2.キャッチアップモデル

 敗戦後の日本の復興を考えていた吉田茂は、GEやGMが牽引しているアメリカ経済に目をつけた。電力、鉄鋼の復活から始めて最終的には電気・電子産業や自動車産業を興せば日本の復活はなると考えたのである。地方から労働力を都市に移す、すなわち農業に従事していた若者を都市に集めてトヨタや松下(現パナソニック)に勤めさせればいい(生産性の低い農業から生産性の高い製造業へ労働力をシフト。その象徴が集団就職であった)。

 このモデルは製造業を核にしている。製造業(≒工場)の理想は、産業革命以降、常に24時間操業である。従って、若くて元気でひたすら素直な労働力を青田買いし(勉強している学生は、このモデルで本当にいいのかなどと余計なことを考えるのでむしろ邪魔になる)、長時間働かせることが適していたのである。加えて、工場には筋力の優れた男性の方が向いていた。

 こうして朝早く出社し、夜遅く帰って「メシ、風呂、寝る」の生活を送る働き方がロール・モデルとして誕生・定着したのである。そうなると女性は家にいて「メシ、風呂、寝る」のケアをした方が全体としては効率性が高くなる。そこで性分業が行われ、配偶者控除や3号被保険者など専業主婦に有利ないくつものインセンティブが設計されて現在に至っているのである。ただし、現在の日本は「アメリカに追いつき追い越せ」というキャッチアップモデルから、「課題先進国」に転じて久しい。

3.人口の増加

 人口ボーナスが高度成長に大きく資することは説明の要がない。かつての人間の歴史において、人口の増加は、繁栄、安定、安全と同義語だったのである。現在の日本は人口オーナス(人口の減少)に直面している。わが国の人口ボーナス時代のガラパゴス的な労働慣行である定年制の廃止(→同一労働・同一賃金への移行)については、前回述べたのでここでは繰り返さない。

 以上見てきたように戦後わが国の高度成長を牽引した3条件は、ことごとくベクトルが逆方向に向いてしまっている。
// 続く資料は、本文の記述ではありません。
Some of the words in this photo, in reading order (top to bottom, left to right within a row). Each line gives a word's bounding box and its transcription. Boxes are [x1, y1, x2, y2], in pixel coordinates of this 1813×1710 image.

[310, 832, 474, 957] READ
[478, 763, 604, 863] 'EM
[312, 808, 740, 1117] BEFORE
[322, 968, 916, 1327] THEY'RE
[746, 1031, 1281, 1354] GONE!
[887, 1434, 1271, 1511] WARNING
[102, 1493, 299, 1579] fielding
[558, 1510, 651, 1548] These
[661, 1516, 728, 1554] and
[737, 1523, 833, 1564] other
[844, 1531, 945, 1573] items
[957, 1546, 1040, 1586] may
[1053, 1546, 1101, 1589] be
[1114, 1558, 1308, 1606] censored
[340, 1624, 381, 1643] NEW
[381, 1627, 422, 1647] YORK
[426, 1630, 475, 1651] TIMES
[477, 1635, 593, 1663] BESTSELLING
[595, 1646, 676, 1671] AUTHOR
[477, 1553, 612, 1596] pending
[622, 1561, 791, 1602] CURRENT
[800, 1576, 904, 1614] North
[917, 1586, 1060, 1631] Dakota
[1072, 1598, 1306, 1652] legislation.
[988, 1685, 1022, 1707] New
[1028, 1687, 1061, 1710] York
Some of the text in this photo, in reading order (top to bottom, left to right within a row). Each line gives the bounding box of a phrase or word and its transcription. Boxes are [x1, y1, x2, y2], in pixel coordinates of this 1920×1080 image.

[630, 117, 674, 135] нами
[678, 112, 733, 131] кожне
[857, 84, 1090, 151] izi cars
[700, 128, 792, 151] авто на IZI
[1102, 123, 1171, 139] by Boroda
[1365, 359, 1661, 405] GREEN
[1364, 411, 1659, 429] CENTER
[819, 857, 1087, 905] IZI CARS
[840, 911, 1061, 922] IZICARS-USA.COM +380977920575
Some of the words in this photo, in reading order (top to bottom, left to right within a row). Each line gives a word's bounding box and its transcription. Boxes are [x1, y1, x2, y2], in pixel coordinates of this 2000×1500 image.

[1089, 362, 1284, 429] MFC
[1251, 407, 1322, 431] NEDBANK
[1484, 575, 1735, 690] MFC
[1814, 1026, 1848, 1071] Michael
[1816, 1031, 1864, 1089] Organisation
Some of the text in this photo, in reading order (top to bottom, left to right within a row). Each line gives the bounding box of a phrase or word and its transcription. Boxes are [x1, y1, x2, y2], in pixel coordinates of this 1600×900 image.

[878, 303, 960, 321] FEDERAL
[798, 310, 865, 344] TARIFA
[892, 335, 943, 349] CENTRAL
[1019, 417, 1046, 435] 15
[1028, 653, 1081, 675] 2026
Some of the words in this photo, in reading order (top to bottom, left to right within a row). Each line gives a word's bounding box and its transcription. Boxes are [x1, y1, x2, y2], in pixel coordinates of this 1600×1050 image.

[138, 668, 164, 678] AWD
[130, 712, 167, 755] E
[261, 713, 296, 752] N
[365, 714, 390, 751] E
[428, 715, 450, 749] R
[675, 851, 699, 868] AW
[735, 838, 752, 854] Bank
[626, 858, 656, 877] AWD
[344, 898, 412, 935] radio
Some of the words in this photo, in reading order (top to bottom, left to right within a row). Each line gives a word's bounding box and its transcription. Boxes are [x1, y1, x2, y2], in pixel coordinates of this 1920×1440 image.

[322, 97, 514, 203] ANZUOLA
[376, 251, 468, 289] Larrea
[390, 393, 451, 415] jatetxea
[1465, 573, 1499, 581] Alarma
この外的条件の変化を考慮することなく、昔と同じように「メシ、風呂、寝る」の働き方(長時間労働)を続けていれば「骨折り損のくたびれ儲け」に陥るのは理の当然ではないか。

「メシ、風呂、寝る」から「人・本・旅」へ

 人口オーナス社会では、人口の減少分を補って労働生産性が向上しなければ、成長はあり得ない。わが国の労働生産性はOECD34ヵ国中21位であって(G7の中では20年最下位を続けている)、1人当たり7万2994ドル(2014)であった。なお、ドイツは9万2904ドル、フランスは9万9680ドルである。